Early Christian seekers also escaped to the wilderness. Living poorly and simply, they balanced their days with work, study and prayer. Tested and tried, they, too, fought demons of torment and despair, madness and death. Yet, when a desert abba oramma (father or mother, in Aramaic) found God, what marked their lives and sayings was unflinching love, as reflected in this ancient “word,” or morsel of wisdom: “A brother who had sinned was turned out of the church by the priest; Abba Bessarion got up and went with him, saying, ‘I, too, am a sinner.’”[2]

Can we, too, find God in our complex world, far removed from a desert wilderness? Spiritual writers like Reverend Alessandro Pronzato say yes, if we are willing to wait—”purified from haste, agitation, impatience, pressure.”[3] We must seek our own desert, Pronzato insists, and “hold on to it every moment.”[4] But where is this elusive place?

St. Theophan the Recluse, a Russian Orthodox bishop, answers: our desert is within.

Find a place in your heart and speak there with the Lord. It is the Lord’s reception room. Everyone who meets the Lord meets Him there; He has fixed no other place for meeting souls.[5]

This echoes Jesus’ teaching, “Go into your room and shut the door and pray to your Father who is in secret” (Matt. 6:6).

Yet how often, when we pray, relentless distractions break our focus and anxieties tug at our hearts. In Meditations On the Sand, Pronzato shares another insight:

The crowded bus, the long queue, the railway platform, the traffic jam, the neighbors’ television sets, the heavy-footed people on the floor above you, the person who still keeps getting the wrong number on your phone. These are the real conditions of your desert. Do not allow yourself to be irritated. Do not try to escape. Do not postpone your prayer. Kneel down. Enter that disturbed solitude. Let your silence be spoilt by those sounds. It is the beginning of your desert.[6]

Thus, the world itself is our desert—or, at least, it can lead to our inner desert—where we hear God’s insistent, unsettling call. The desert is about feeling frustrated and helpless, realizing we can do nothing on our own. It’s about total surrender of our will to God which, as the desert fathers and mothers found, leads to Jesus’ Way of fearless, selfless love and service to others. French priest Jules Monchanin writes, “Now is…the hour of the silent offering: therefore the hour of hope: God alone, faceless, unknown, unfelt, yet undeniably God.”[7]

So we wait in our inner desert—peering over the world’s edge in silent awe, trusting that we’ll fall through the darkness into the arms of the God of Love, who waits there for us.

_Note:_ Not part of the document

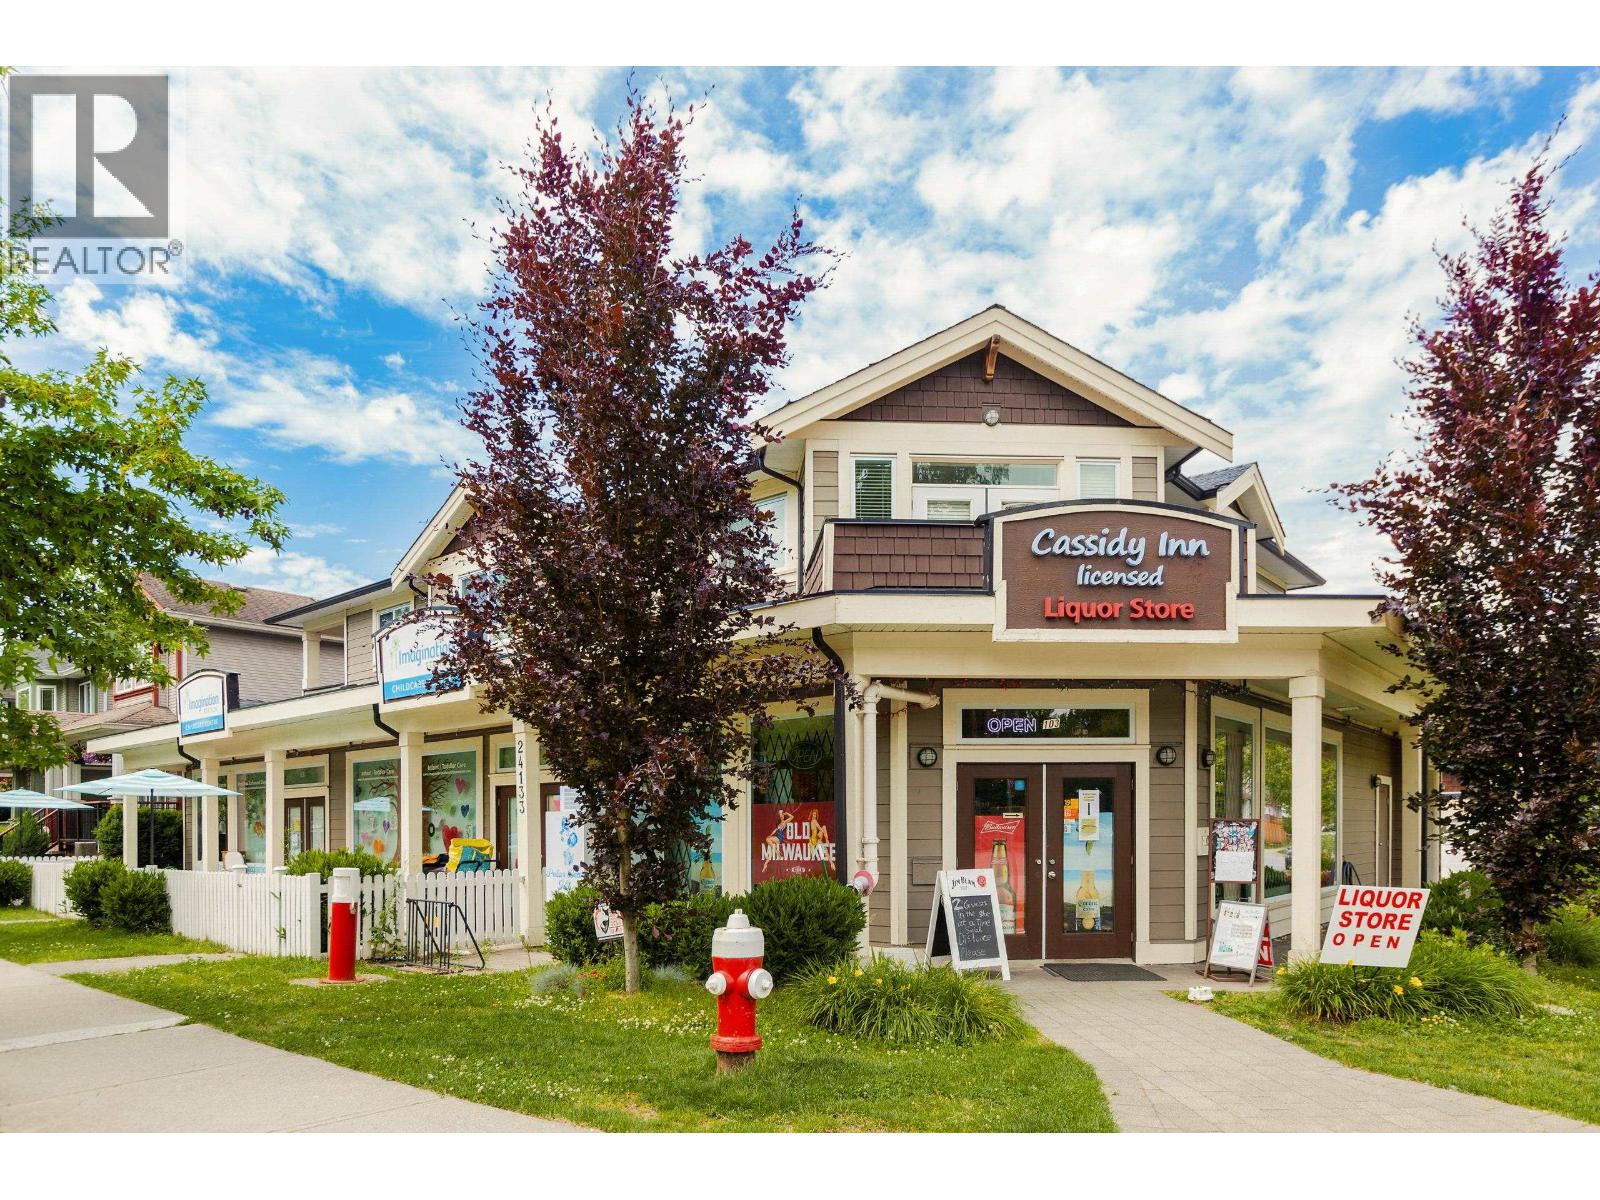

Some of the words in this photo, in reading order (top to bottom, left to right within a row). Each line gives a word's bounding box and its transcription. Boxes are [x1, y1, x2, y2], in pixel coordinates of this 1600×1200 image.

  • [1] John Moses, The Desert: An Anthology for Lent (Norwich, England: Canterbury Press, 1997), xi.
  • [2] See The Sayings of the Desert Fathers 
  • [3] Alessandro Pronzato, Meditations On the Sand (Slough, England: St. Paul Publications, 1982), 4.
  • [4] Ibid,. 98.
  • [5] Cited by John Moses in The Desert, 17, taken from Timothy Ware’sThe Art of Prayer: An Orthodox Anthology (London: Faber & Faber, 1966), 73.
  • [6] Pronzato, Meditations, 98-99.
  • [7] Cited by John Moses in The Desert, 124, taken from Monchanin’sEscrits Spirituels (Paris: Le Centurion, 1965), and originally cited by Thomas Merton in Contemplative Prayer (New York: Image Books/Doubleday, 1971), xix.